** Opening INPUT RECORDS block **
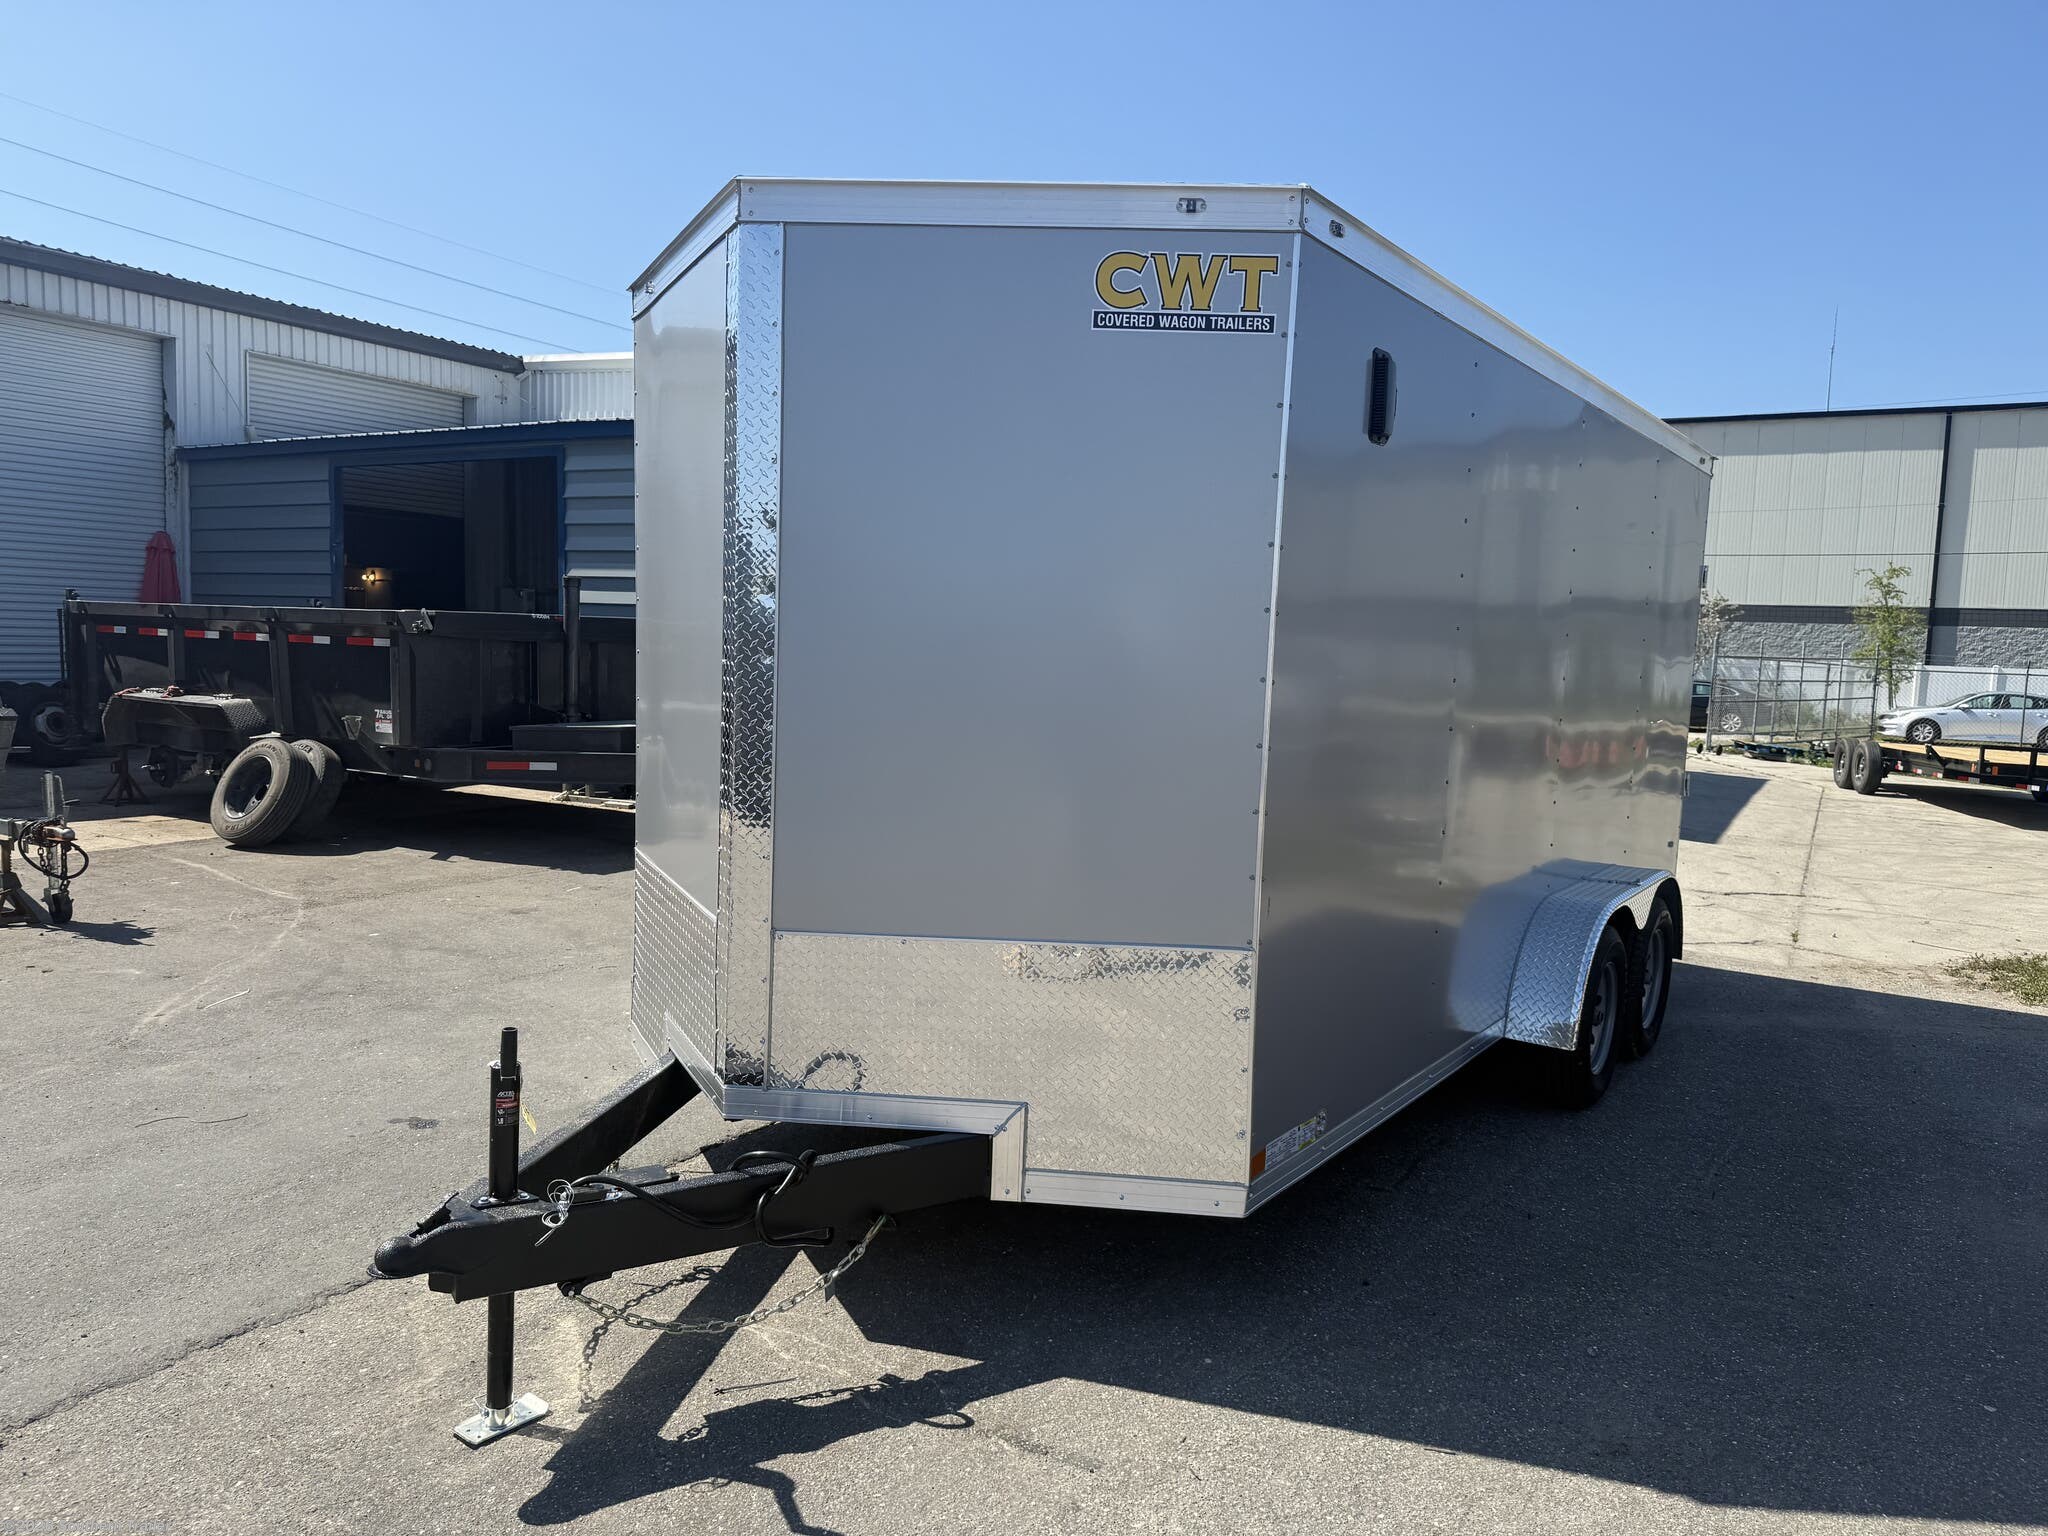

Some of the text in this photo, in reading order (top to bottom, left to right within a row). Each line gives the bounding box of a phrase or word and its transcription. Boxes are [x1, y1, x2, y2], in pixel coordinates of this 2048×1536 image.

[1095, 250, 1279, 312] CWT
[1097, 313, 1271, 331] COVERED WAGON TRAILERS
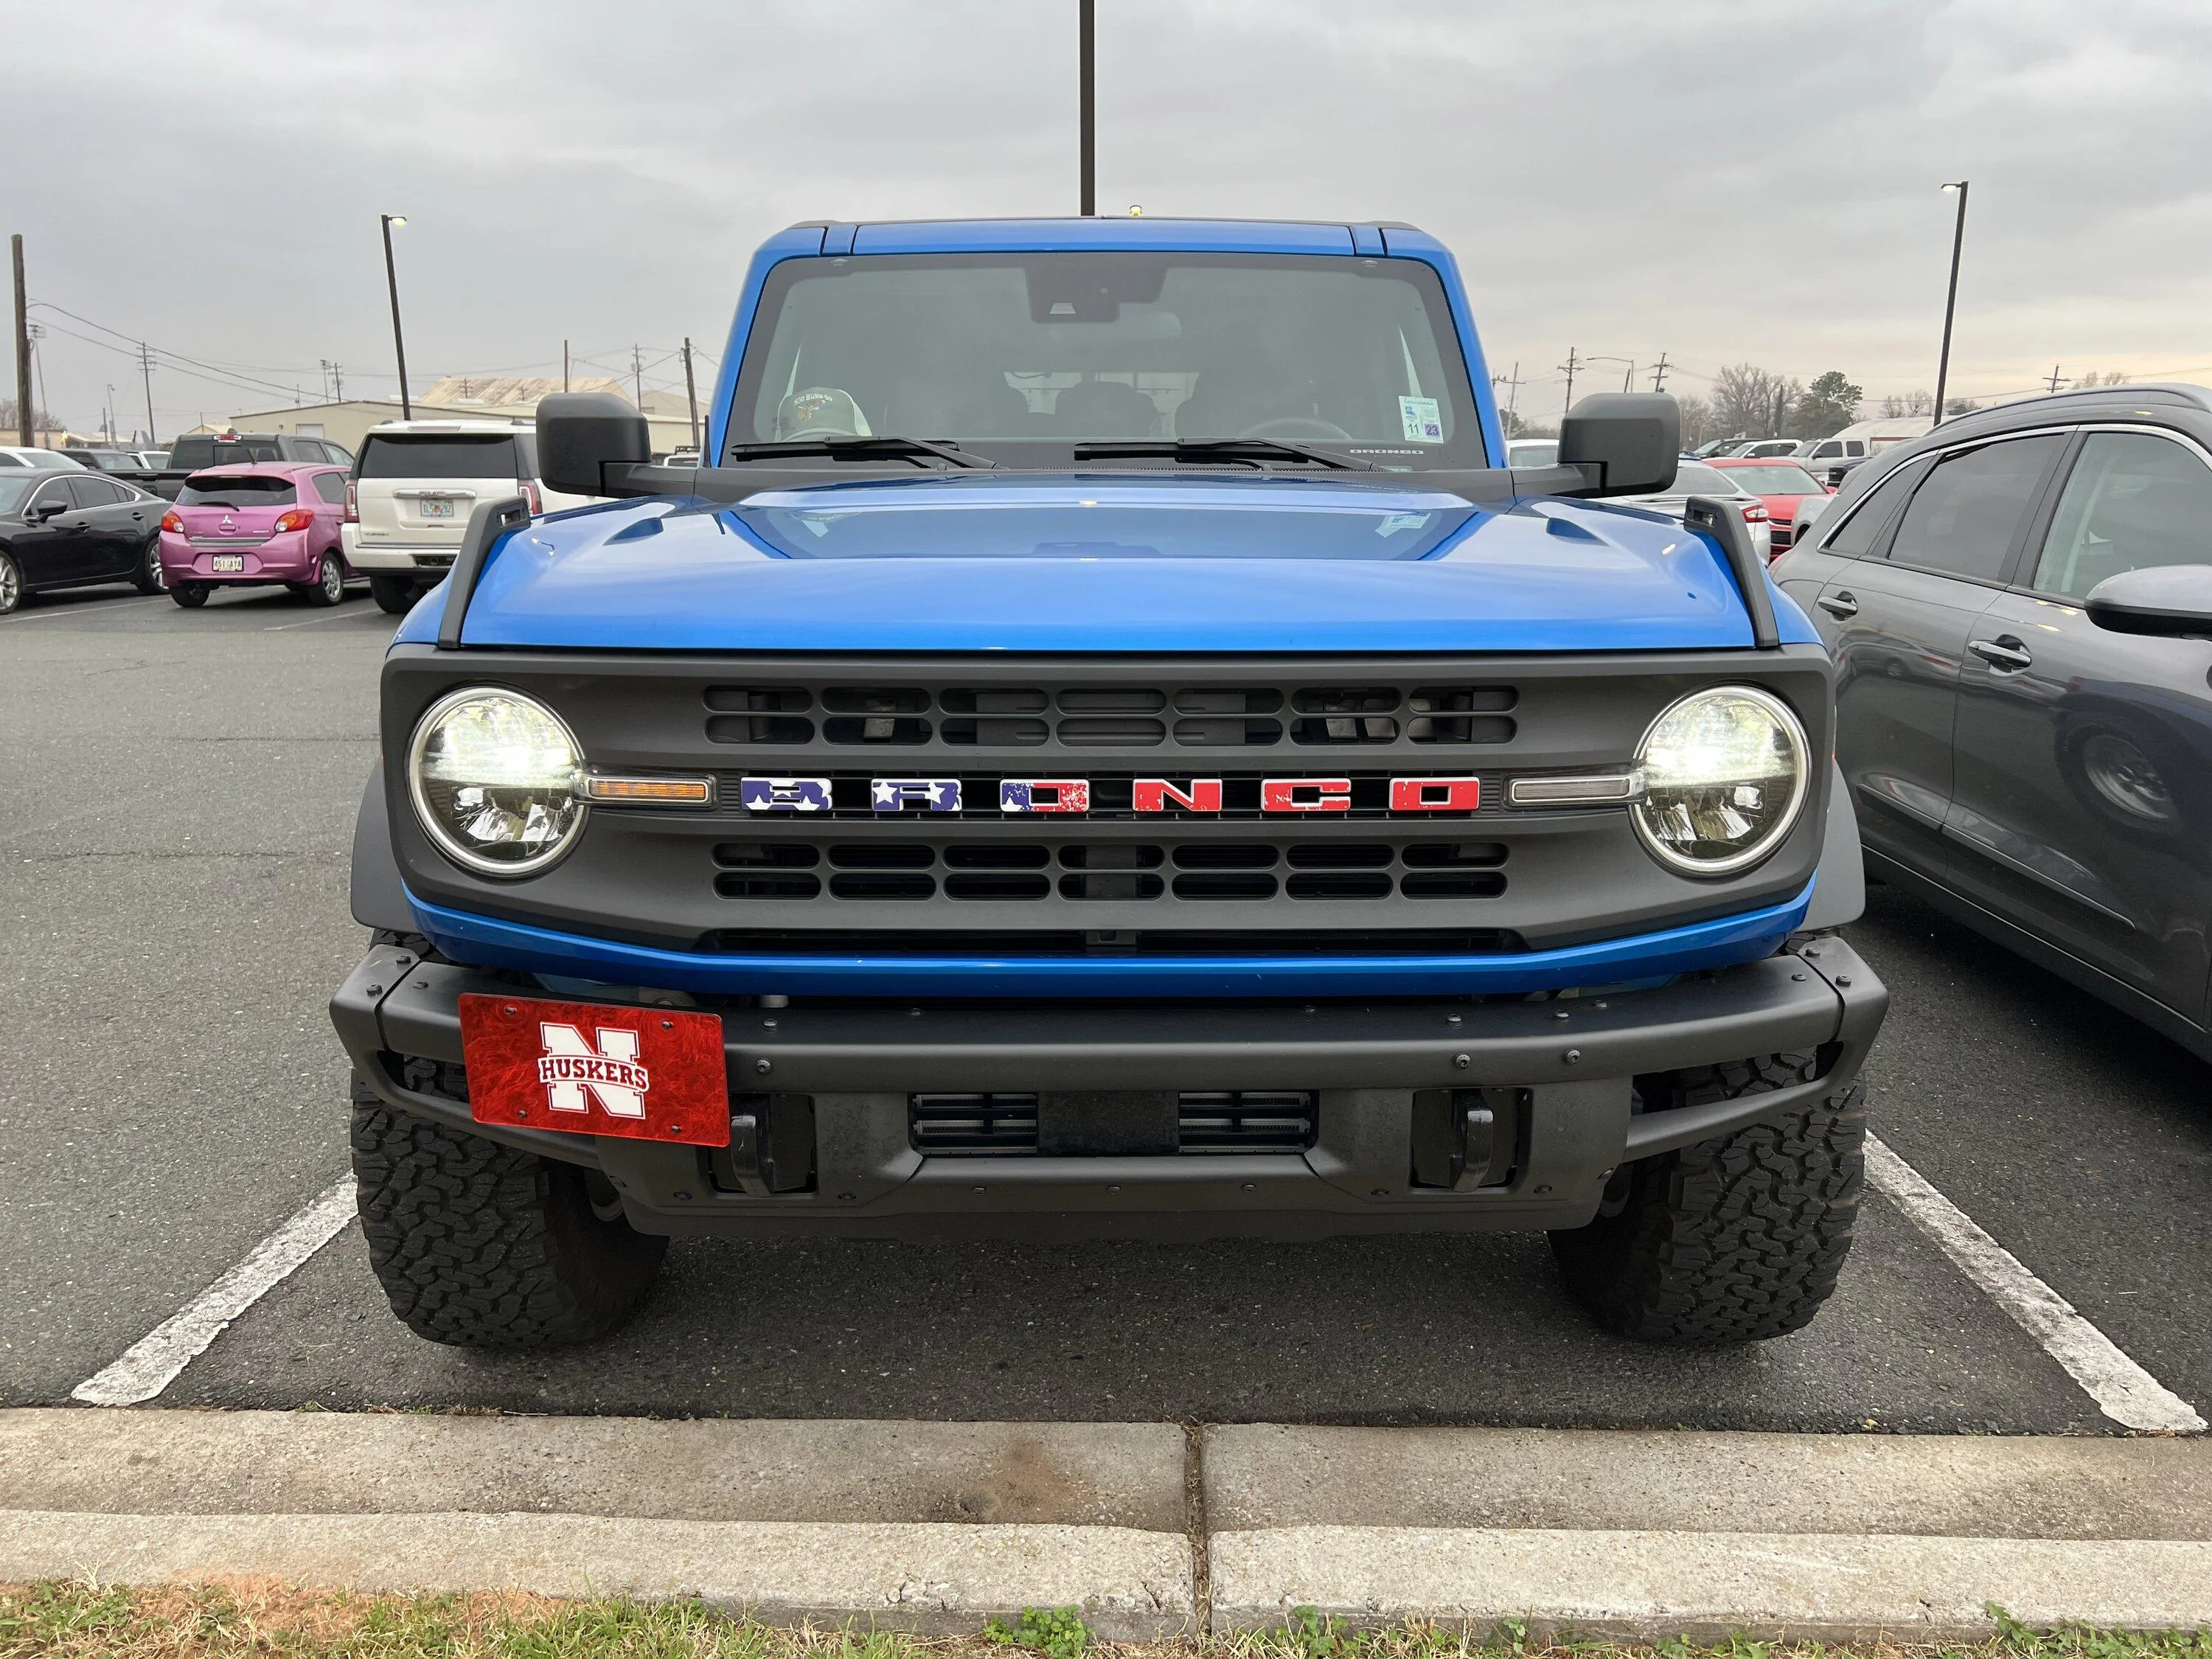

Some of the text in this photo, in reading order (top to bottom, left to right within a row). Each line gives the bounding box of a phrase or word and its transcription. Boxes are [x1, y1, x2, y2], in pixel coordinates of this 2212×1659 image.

[1408, 423, 1419, 434] 11
[1426, 425, 1439, 436] 23
[740, 776, 1481, 813] BRONCO
[540, 1022, 645, 1120] N
[540, 1060, 647, 1090] HUSKERS
** Closing INPUT RECORDS block **
| ACTION ITEM |
Would you write out each record above exactly, with no images?

| TASK RESULT |
Some of the text in this photo, in reading order (top to bottom, left to right within a row). Each line gives the bounding box of a phrase or word and its transcription. Boxes are [x1, y1, x2, y2], in pixel coordinates of this 2048×1536 image.

[1095, 250, 1279, 312] CWT
[1097, 313, 1271, 331] COVERED WAGON TRAILERS

Some of the text in this photo, in reading order (top to bottom, left to right within a row). Each line gives the bounding box of a phrase or word and its transcription. Boxes are [x1, y1, x2, y2], in pixel coordinates of this 2212×1659 image.

[1408, 423, 1419, 434] 11
[1426, 425, 1439, 436] 23
[740, 776, 1481, 813] BRONCO
[540, 1022, 645, 1120] N
[540, 1060, 647, 1090] HUSKERS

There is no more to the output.